**GIVEN INFORMATION**:

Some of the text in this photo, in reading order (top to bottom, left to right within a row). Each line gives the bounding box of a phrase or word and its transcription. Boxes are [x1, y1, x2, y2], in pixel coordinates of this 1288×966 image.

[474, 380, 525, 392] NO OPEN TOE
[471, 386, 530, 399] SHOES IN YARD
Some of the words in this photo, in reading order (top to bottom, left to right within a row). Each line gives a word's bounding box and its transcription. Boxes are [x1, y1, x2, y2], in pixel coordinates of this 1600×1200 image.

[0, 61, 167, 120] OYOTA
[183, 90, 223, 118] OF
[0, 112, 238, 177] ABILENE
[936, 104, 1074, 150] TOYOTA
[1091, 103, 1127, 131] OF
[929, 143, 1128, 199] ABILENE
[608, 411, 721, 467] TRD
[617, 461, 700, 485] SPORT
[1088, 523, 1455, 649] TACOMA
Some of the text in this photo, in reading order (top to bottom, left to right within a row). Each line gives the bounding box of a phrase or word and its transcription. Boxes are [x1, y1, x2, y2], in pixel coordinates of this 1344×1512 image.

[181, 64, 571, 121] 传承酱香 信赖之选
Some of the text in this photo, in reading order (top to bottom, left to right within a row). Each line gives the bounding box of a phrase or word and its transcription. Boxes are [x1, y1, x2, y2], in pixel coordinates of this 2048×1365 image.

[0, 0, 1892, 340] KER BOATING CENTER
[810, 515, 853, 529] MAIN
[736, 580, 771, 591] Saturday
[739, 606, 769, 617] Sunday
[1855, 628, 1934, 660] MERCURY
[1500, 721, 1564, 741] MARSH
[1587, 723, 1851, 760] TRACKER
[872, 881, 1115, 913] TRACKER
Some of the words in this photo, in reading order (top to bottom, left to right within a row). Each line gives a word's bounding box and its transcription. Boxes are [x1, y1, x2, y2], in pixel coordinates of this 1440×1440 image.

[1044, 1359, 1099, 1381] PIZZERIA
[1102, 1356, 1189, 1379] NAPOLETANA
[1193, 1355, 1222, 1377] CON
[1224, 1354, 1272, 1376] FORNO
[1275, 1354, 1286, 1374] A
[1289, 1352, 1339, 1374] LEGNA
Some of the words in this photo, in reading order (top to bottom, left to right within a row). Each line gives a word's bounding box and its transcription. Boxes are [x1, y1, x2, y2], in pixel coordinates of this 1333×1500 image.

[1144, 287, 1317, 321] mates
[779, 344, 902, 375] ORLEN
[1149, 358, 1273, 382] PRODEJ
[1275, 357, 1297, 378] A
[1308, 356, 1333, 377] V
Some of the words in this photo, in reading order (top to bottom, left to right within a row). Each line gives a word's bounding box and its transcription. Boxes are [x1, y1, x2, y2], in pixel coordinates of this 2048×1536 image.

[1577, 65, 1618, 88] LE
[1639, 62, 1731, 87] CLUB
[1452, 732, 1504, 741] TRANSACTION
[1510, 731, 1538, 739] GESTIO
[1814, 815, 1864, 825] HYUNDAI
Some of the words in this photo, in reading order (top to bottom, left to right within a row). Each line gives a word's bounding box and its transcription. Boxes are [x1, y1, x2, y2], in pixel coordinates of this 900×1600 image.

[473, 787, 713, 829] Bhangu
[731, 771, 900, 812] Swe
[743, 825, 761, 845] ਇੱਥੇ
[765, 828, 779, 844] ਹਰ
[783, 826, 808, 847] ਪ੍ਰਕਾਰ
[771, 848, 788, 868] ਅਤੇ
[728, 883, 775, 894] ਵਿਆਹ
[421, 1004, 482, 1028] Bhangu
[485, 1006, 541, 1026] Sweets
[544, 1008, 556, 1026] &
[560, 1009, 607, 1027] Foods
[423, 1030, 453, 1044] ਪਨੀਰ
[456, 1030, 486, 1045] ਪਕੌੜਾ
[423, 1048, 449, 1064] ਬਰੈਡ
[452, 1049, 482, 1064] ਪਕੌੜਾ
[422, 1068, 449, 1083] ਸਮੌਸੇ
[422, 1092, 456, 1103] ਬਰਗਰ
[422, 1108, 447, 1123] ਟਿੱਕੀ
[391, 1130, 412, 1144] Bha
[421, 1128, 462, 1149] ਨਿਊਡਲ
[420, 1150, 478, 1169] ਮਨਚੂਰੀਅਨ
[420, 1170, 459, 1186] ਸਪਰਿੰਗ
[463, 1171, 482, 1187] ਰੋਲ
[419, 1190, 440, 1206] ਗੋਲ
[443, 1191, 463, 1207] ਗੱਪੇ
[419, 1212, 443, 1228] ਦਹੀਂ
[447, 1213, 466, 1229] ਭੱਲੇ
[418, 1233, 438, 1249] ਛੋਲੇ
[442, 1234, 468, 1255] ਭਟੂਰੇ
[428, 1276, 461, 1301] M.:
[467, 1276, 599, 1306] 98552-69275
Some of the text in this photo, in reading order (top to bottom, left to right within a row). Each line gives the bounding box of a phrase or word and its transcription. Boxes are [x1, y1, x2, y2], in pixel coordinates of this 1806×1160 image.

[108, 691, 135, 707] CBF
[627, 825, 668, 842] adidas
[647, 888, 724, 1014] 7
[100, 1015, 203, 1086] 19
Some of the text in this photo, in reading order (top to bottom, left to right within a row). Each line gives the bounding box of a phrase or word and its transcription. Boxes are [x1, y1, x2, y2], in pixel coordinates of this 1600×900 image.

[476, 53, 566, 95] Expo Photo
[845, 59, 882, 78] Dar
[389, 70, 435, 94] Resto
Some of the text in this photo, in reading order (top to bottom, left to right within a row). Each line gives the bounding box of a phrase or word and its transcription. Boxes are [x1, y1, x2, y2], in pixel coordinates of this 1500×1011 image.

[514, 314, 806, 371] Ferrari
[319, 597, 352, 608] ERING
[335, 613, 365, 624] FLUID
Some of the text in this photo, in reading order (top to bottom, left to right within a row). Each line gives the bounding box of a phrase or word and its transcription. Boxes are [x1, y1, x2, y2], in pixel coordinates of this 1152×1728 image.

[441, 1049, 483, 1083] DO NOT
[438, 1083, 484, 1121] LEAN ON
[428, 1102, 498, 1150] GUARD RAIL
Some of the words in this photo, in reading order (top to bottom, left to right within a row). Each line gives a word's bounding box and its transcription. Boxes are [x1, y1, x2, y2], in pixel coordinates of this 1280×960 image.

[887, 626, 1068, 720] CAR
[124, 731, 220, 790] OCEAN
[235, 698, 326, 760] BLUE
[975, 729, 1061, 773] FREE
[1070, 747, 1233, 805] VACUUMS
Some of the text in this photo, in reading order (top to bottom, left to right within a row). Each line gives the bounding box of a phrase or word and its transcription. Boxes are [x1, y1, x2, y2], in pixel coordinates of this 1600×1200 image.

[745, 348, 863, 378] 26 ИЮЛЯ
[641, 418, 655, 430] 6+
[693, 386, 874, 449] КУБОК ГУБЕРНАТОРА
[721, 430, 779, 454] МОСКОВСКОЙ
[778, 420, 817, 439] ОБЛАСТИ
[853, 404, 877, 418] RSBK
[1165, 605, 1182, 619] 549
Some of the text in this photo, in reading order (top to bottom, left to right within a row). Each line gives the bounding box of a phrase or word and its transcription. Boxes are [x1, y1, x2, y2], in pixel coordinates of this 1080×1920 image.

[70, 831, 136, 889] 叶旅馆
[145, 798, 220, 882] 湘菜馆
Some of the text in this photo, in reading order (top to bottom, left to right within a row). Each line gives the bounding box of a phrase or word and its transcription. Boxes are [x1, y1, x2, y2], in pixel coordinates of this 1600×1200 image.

**WORK INSTRUCTION**: Each line above must be reproduced exactly as it stands.

**EXERCISE SOLUTION**:
Some of the text in this photo, in reading order (top to bottom, left to right within a row). Each line gives the bounding box of a phrase or word and its transcription. Boxes are [x1, y1, x2, y2], in pixel coordinates of this 1288×966 image.

[474, 380, 525, 392] NO OPEN TOE
[471, 386, 530, 399] SHOES IN YARD
Some of the words in this photo, in reading order (top to bottom, left to right within a row). Each line gives a word's bounding box and its transcription. Boxes are [x1, y1, x2, y2], in pixel coordinates of this 1600×1200 image.

[0, 61, 167, 120] OYOTA
[183, 90, 223, 118] OF
[0, 112, 238, 177] ABILENE
[936, 104, 1074, 150] TOYOTA
[1091, 103, 1127, 131] OF
[929, 143, 1128, 199] ABILENE
[608, 411, 721, 467] TRD
[617, 461, 700, 485] SPORT
[1088, 523, 1455, 649] TACOMA
Some of the text in this photo, in reading order (top to bottom, left to right within a row). Each line gives the bounding box of a phrase or word and its transcription. Boxes are [x1, y1, x2, y2], in pixel coordinates of this 1344×1512 image.

[181, 64, 571, 121] 传承酱香 信赖之选
Some of the text in this photo, in reading order (top to bottom, left to right within a row). Each line gives the bounding box of a phrase or word and its transcription. Boxes are [x1, y1, x2, y2], in pixel coordinates of this 2048×1365 image.

[0, 0, 1892, 340] KER BOATING CENTER
[810, 515, 853, 529] MAIN
[736, 580, 771, 591] Saturday
[739, 606, 769, 617] Sunday
[1855, 628, 1934, 660] MERCURY
[1500, 721, 1564, 741] MARSH
[1587, 723, 1851, 760] TRACKER
[872, 881, 1115, 913] TRACKER
Some of the words in this photo, in reading order (top to bottom, left to right within a row). Each line gives a word's bounding box and its transcription. Boxes are [x1, y1, x2, y2], in pixel coordinates of this 1440×1440 image.

[1044, 1359, 1099, 1381] PIZZERIA
[1102, 1356, 1189, 1379] NAPOLETANA
[1193, 1355, 1222, 1377] CON
[1224, 1354, 1272, 1376] FORNO
[1275, 1354, 1286, 1374] A
[1289, 1352, 1339, 1374] LEGNA
Some of the words in this photo, in reading order (top to bottom, left to right within a row). Each line gives a word's bounding box and its transcription. Boxes are [x1, y1, x2, y2], in pixel coordinates of this 1333×1500 image.

[1144, 287, 1317, 321] mates
[779, 344, 902, 375] ORLEN
[1149, 358, 1273, 382] PRODEJ
[1275, 357, 1297, 378] A
[1308, 356, 1333, 377] V
Some of the words in this photo, in reading order (top to bottom, left to right within a row). Each line gives a word's bounding box and its transcription. Boxes are [x1, y1, x2, y2], in pixel coordinates of this 2048×1536 image.

[1577, 65, 1618, 88] LE
[1639, 62, 1731, 87] CLUB
[1452, 732, 1504, 741] TRANSACTION
[1510, 731, 1538, 739] GESTIO
[1814, 815, 1864, 825] HYUNDAI
Some of the words in this photo, in reading order (top to bottom, left to right within a row). Each line gives a word's bounding box and its transcription. Boxes are [x1, y1, x2, y2], in pixel coordinates of this 900×1600 image.

[473, 787, 713, 829] Bhangu
[731, 771, 900, 812] Swe
[743, 825, 761, 845] ਇੱਥੇ
[765, 828, 779, 844] ਹਰ
[783, 826, 808, 847] ਪ੍ਰਕਾਰ
[771, 848, 788, 868] ਅਤੇ
[728, 883, 775, 894] ਵਿਆਹ
[421, 1004, 482, 1028] Bhangu
[485, 1006, 541, 1026] Sweets
[544, 1008, 556, 1026] &
[560, 1009, 607, 1027] Foods
[423, 1030, 453, 1044] ਪਨੀਰ
[456, 1030, 486, 1045] ਪਕੌੜਾ
[423, 1048, 449, 1064] ਬਰੈਡ
[452, 1049, 482, 1064] ਪਕੌੜਾ
[422, 1068, 449, 1083] ਸਮੌਸੇ
[422, 1092, 456, 1103] ਬਰਗਰ
[422, 1108, 447, 1123] ਟਿੱਕੀ
[391, 1130, 412, 1144] Bha
[421, 1128, 462, 1149] ਨਿਊਡਲ
[420, 1150, 478, 1169] ਮਨਚੂਰੀਅਨ
[420, 1170, 459, 1186] ਸਪਰਿੰਗ
[463, 1171, 482, 1187] ਰੋਲ
[419, 1190, 440, 1206] ਗੋਲ
[443, 1191, 463, 1207] ਗੱਪੇ
[419, 1212, 443, 1228] ਦਹੀਂ
[447, 1213, 466, 1229] ਭੱਲੇ
[418, 1233, 438, 1249] ਛੋਲੇ
[442, 1234, 468, 1255] ਭਟੂਰੇ
[428, 1276, 461, 1301] M.:
[467, 1276, 599, 1306] 98552-69275
Some of the text in this photo, in reading order (top to bottom, left to right within a row). Each line gives the bounding box of a phrase or word and its transcription. Boxes are [x1, y1, x2, y2], in pixel coordinates of this 1806×1160 image.

[108, 691, 135, 707] CBF
[627, 825, 668, 842] adidas
[647, 888, 724, 1014] 7
[100, 1015, 203, 1086] 19
Some of the text in this photo, in reading order (top to bottom, left to right within a row). Each line gives the bounding box of a phrase or word and its transcription. Boxes are [x1, y1, x2, y2], in pixel coordinates of this 1600×900 image.

[476, 53, 566, 95] Expo Photo
[845, 59, 882, 78] Dar
[389, 70, 435, 94] Resto
Some of the text in this photo, in reading order (top to bottom, left to right within a row). Each line gives the bounding box of a phrase or word and its transcription. Boxes are [x1, y1, x2, y2], in pixel coordinates of this 1500×1011 image.

[514, 314, 806, 371] Ferrari
[319, 597, 352, 608] ERING
[335, 613, 365, 624] FLUID
Some of the text in this photo, in reading order (top to bottom, left to right within a row). Each line gives the bounding box of a phrase or word and its transcription. Boxes are [x1, y1, x2, y2], in pixel coordinates of this 1152×1728 image.

[441, 1049, 483, 1083] DO NOT
[438, 1083, 484, 1121] LEAN ON
[428, 1102, 498, 1150] GUARD RAIL
Some of the words in this photo, in reading order (top to bottom, left to right within a row). Each line gives a word's bounding box and its transcription. Boxes are [x1, y1, x2, y2], in pixel coordinates of this 1280×960 image.

[887, 626, 1068, 720] CAR
[124, 731, 220, 790] OCEAN
[235, 698, 326, 760] BLUE
[975, 729, 1061, 773] FREE
[1070, 747, 1233, 805] VACUUMS
Some of the text in this photo, in reading order (top to bottom, left to right within a row). Each line gives the bounding box of a phrase or word and its transcription. Boxes are [x1, y1, x2, y2], in pixel coordinates of this 1600×1200 image.

[745, 348, 863, 378] 26 ИЮЛЯ
[641, 418, 655, 430] 6+
[693, 386, 874, 449] КУБОК ГУБЕРНАТОРА
[721, 430, 779, 454] МОСКОВСКОЙ
[778, 420, 817, 439] ОБЛАСТИ
[853, 404, 877, 418] RSBK
[1165, 605, 1182, 619] 549
Some of the text in this photo, in reading order (top to bottom, left to right within a row). Each line gives the bounding box of a phrase or word and its transcription. Boxes are [x1, y1, x2, y2], in pixel coordinates of this 1080×1920 image.

[70, 831, 136, 889] 叶旅馆
[145, 798, 220, 882] 湘菜馆
Some of the text in this photo, in reading order (top to bottom, left to right within a row). Each line gives the bounding box of a phrase or word and its transcription. Boxes are [x1, y1, x2, y2], in pixel coordinates of this 1600×1200 image.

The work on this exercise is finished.